Training the model depends on how large your dataset is. For data collections with less or equal to 5000 images, training on CPU is okay, more than that, a GPU is recommended for faster training times.
I used ImageNet for extracting image features by the time of releasing this. The plan is to explore other base image models and add them to package where you'll have to pass them as an argument/parameter when calling the `extract_features` function.
PS: The purpose of the method to get optimal number of clusters is to give you a visualization so you can choose yourself which number of cluster is suitable for your dataset. So it won't choose one for you (this may change later) for now you will have to select a number yourself based on what you see from the Elbow and Silhoutte plots.
### Bare-metal implementation of the product image search using K-Means Clustering
### Steps:
- Extract features from images using a pretrained model (VGG, ResNet, etc.)
- Find optimal number of clusters using either Elbow or Silhoutte method.
- Train a K-means clusering model on the features to group features into different clusters. Once training is complete, you will have the clustering model and a csv file containing cluster assignments information
- Use the model and the csv file to predict and retrieve similar images given a test image.
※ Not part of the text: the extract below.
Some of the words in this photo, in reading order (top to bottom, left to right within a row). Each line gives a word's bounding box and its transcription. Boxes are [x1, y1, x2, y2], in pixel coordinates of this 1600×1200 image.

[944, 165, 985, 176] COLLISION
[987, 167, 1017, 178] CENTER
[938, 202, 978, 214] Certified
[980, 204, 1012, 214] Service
## Using the Vasrch Library
There are four (4) callable methods:
1. `extract_features` method which takes in the following arguments
- `img_folder` which is the the folder containing the images you want to train on, this being your image database where you'll want to retrieve search results from.
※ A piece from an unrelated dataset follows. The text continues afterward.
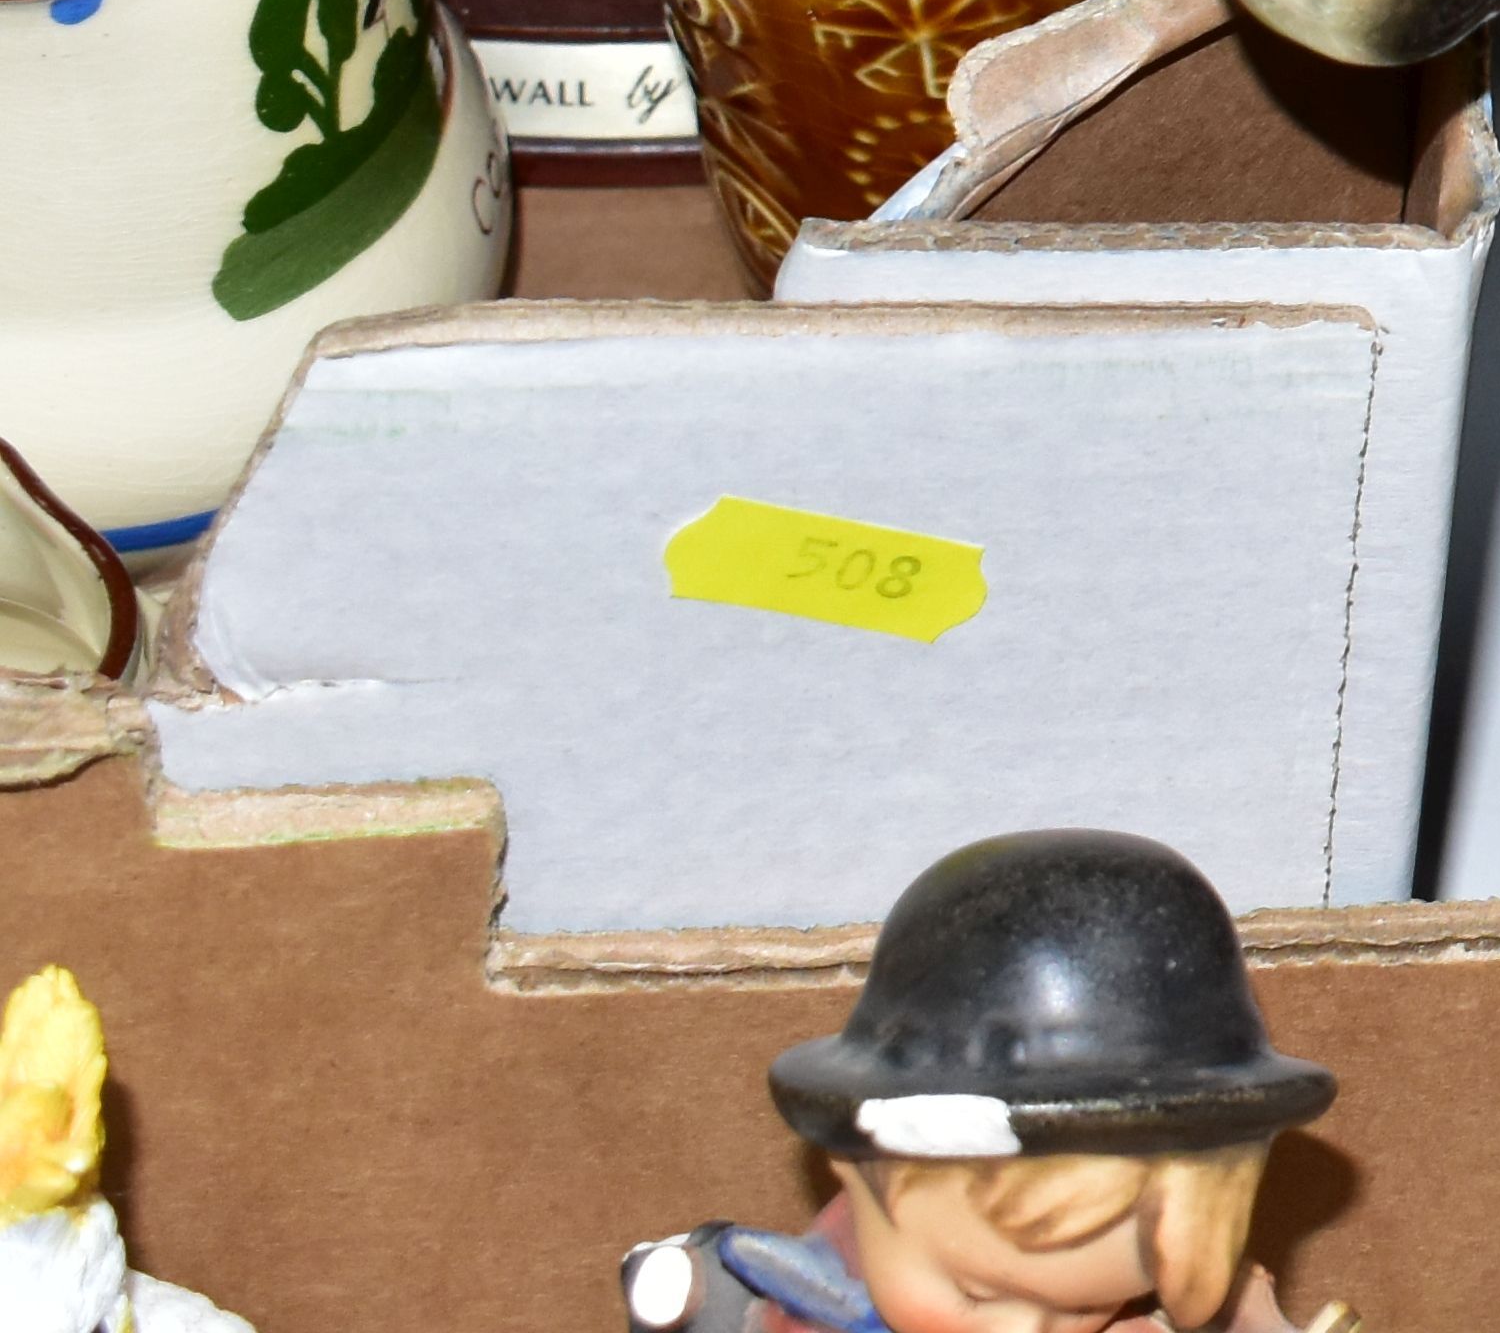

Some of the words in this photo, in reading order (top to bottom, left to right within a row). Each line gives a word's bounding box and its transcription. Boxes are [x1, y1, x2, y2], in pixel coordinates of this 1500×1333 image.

[490, 76, 596, 107] WALL
[626, 64, 677, 124] by
[787, 536, 922, 599] 508
- `save_to` which is the folder name to where you want the features to be saved.
I used VGG16 as our base model where we get the features at the `block5_pool` layer right before the classification layer.
2. `get_optimal_num_clusters` method which takes in the following arguments
- `features_folder` which is the folder to where you once saved the extracted features.
- `max_clusters` which is the maximum number of clusters you want to test on.
- `n_components` which is the number of components to be used by the elbow and silhoutte methods.
The method will show results from Elbow and Silhoutte method altogether on an plot. This will guide you upon choosing the number of clusters to train on. If you haven't read about Elbow and Silhoutte methods for finding optimum number of clusters in clustering algorithms please do.
3. `train_clusters` method which is the main training function and takes in the following arguments
- `features_folder` you guessed it, the folder where we saved our extracted features.
- `model_filename` the name you want your model to be saved in. The model will be saved as a pickel file.
- `csv_filename` the name you want your image names and cluster assignments information (metadata) to be saved in. This will be useful when searching images later on, and even integrating to your app.
- `num_clusters` the number of clusters you want your model to be trained on.
4. `search_similar_images` method which returns a cluster with similar images to the given image. The arguments are:
- `image_path` which is the path to the image you wanna search.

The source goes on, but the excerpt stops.